I'm still on my Farmer's Market high. So many delicious fruits and vegetables, I just can't cook them fast enough! Of course yesterday I was doing some digging around, looking for ideas for paleo recipes, and came across a brilliant idea: sliced sweet potatoes as "hamburger buns." How cool! The sweet potatoes I had at home weren't big enough for "buns," but they were perfect for sliders.
All the recipes I came across used a top and bottom "bun," but that seemed like a lot of sweet potato to me. Despite all the different ingredients I had to bake on separate baking sheets, these came together fairly quick and easily. My guys loved them. I went back for seconds and they were GONE! That's always a good sign.
Perspective is such an interesting thing. For example, my BF loves rain. Absolutely loves it. As I walk out the door to work I realize it's pouring. Of course it was raining - my hair turned out pretty cute this morning. I grumble as I pull out my umbrella. While I'm driving, I get a text from my BF saying he's sure I'm driving to work in this beautiful, warm rain. I can just picture him outside, taking a break from work, holding his arms out and enjoying himself.
I've been immersed in Paleo Land for a while now. I read not only recipes, but also articles. One of the key principals of becoming more primal is to slow down and enjoy life as it comes, and also take time to play and appreciate the things life offers. I thought about this in terms of the rain. In our modern, fast paced society, many of us often see rain as an inconvenience. "Of course it's raining, I just washed my car!" or me this morning, "Of course it's raining, my hair turned out cute!" I started thinking about how our paleo ancestors would have regarded rain. For one thing, it would have provided a source of water (though there is some debate about how much water they actually drank vs getting water from fruits and vegetables). Two, it would have cooled things off on a hot day. Three, it would have watered the plants they foraged for food. Four, I can imagine little cave children running around, playing in the rain and splashing in puddles. Yes, I think our paleo ancestors would have welcomed the rain.
Looking at it from that perspective... the rain is going to wash all the gunk out of the air so I can breathe. The rain is cooling down the air (it was a bit of a scorcher yesterday). The rain is nourishing all those local crops I plan to buy this weekend. The rain is quite pretty looking out my office window. The rain is making my BF happy, which in turn makes me happy. I got a nice walk in this morning before it rained, and I have an umbrella to keep my hair from being messed up. To quote the country song, "Rain is a good thing!" I'm really making efforts to slow my life down. I read more. I take walks. I try really hard not to sweat the small stuff - real or imagined. :)

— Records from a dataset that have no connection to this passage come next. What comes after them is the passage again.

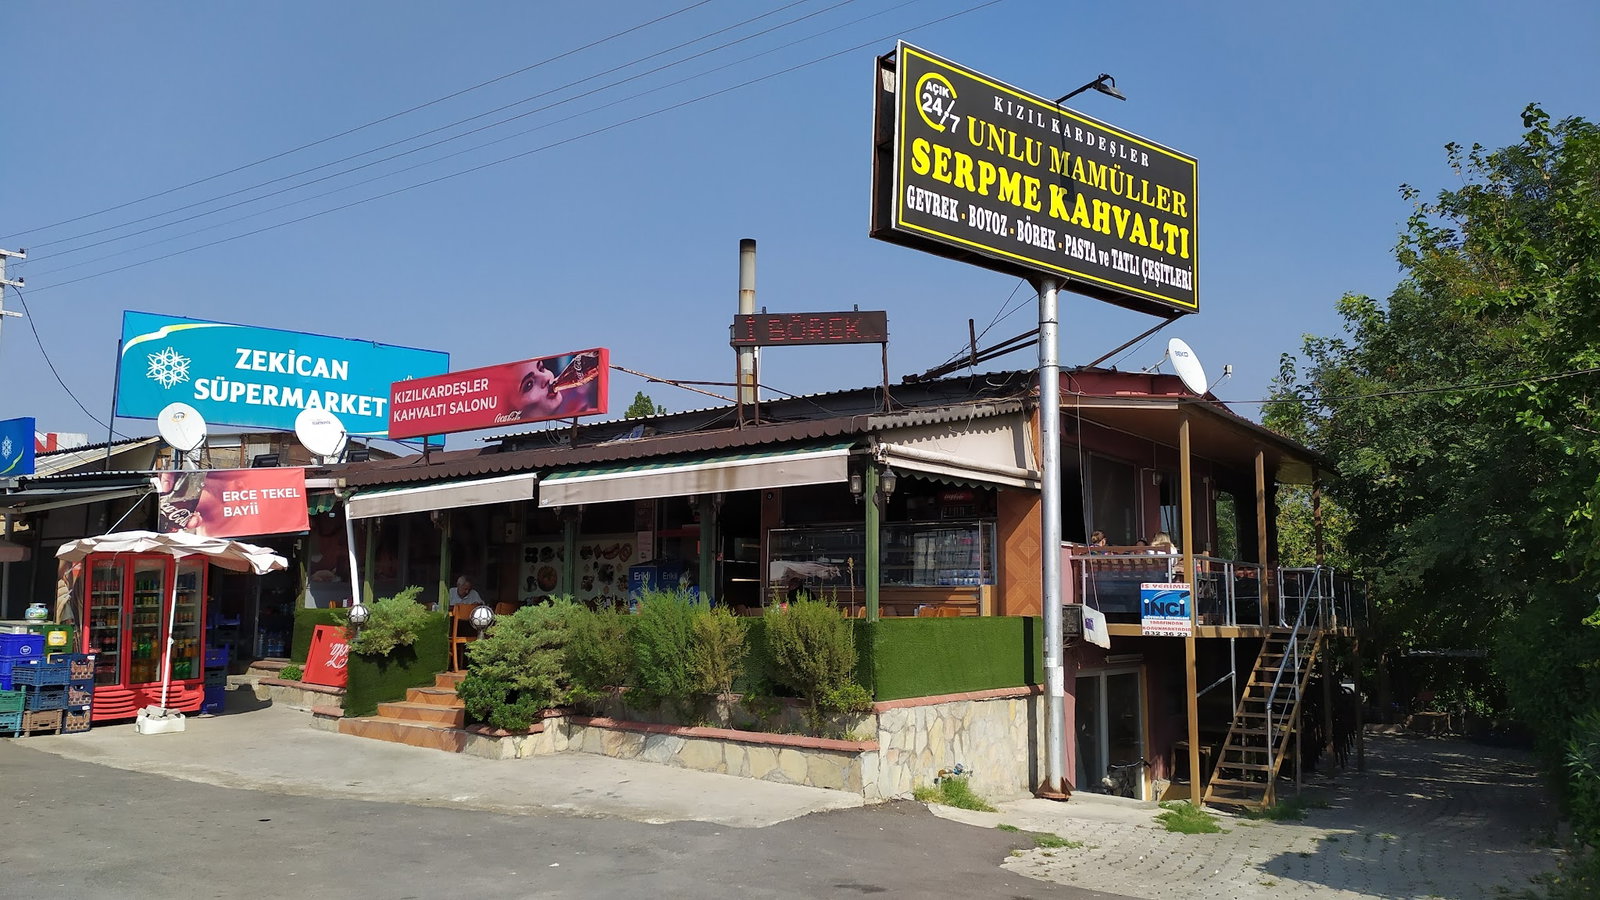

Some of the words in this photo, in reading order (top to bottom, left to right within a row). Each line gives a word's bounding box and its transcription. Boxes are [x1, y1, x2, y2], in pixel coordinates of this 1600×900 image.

[925, 81, 950, 98] AÇIK
[922, 92, 961, 133] 24/7
[994, 95, 1045, 128] KIZIL
[1051, 117, 1149, 167] KARDEŞLER
[967, 115, 1042, 167] UNLU
[1049, 145, 1187, 217] MAMÜLLER
[911, 137, 1042, 213] SERPME
[1049, 184, 1190, 259] KAHVALTI
[906, 184, 959, 222] GEVREK
[968, 204, 1008, 237] BOYOZ
[1017, 215, 1056, 251] BÖREK
[1064, 233, 1097, 264] PASTA
[1098, 250, 1110, 267] ve
[1111, 248, 1140, 276] TATLI
[1141, 256, 1193, 291] ÇEŞİTLERİ
[769, 315, 862, 341] BÖREK
[235, 347, 349, 381] ZEKİCAN
[193, 376, 387, 418] SÜPERMARKET
[394, 378, 489, 404] KIZILKARDEŞLER
[393, 404, 447, 422] KAHVALTI
[449, 396, 498, 415] SALONU
[222, 490, 257, 502] ERCE
[261, 487, 300, 499] TEKEL
[223, 504, 259, 517] BAYİİ

Speaking of small stuff, let's make some sliders!
Ingredients:
3 good sized sweet potatoes - look for ones that have a nice, wide circumference
2 large beets
Drizzle olive oil, sea salt & ground black pepper.
2 lbs ground turkey (or other ground meat of choice)
1 egg
1/2 T. coconut flour
1/4 tsp sea salt
Ground black pepper
1/4 tsp onion powder
1/4 tsp dried rosemary
Toppings:
1 whole avocado, thinly sliced
Lettuce or spinach
Drizzle balsamic vinegar
Directions:
Preheat oven to 400 degrees. Line two large baking sheets with parchment paper.
Scrub sweet potatoes well. Slice into approximately 1/2 inch rounds (my mandolin only goes to 3/8"). Arrange in a single layer on one of the baking sheets. Use a pastry brush and lightly coat the potato slices with olive oil, then lightly sprinkle sea salt & black pepper.
For the beets, I use gloves to avoid staining my hands. Peel beets, then use a mandolin to slice into 1/4" slices. Arrange in a single layer on the second baking sheet, brush with olive oil, then lightly sprinkle with sea seal & black pepper.
Put both sheets in the oven at once. Bake 15 minutes. Remove, flip, coat with olive oil and sprinkle salt & pepper. Return to the oven for 15 more minutes, or until vegetables are fork tender. When cooked, remove from oven and set aside.
While vegetables are baking, prepare burgers. Combine meat, egg, coconut flour, salt, pepper, onion powder and rosemary in a mixing bowl. Use your hands to mix until well combined. Shape into patties using 2 T. meat mixture at a time, and press flat. My sweet potato slices were oval shaped, so I made my patties oval shaped. Arrange on yet another baking sheet covered with parchment paper.
When vegetables are finished cooking, reduce oven heat to 375. Bake burgers for 7 minutes, turn over, and cook an additional 7 minutes or until cooked through.
To assemble sliders, arrange sweet potato slices in a single layer. Top with a slice of beet (I cut the bigger beet slices in half). Top with spinach or lettuce, then burger, and finally avocado. Secure in place with a toothpick (if needed). Drizzle a few drops of balsamic vinegar over each slider and serve.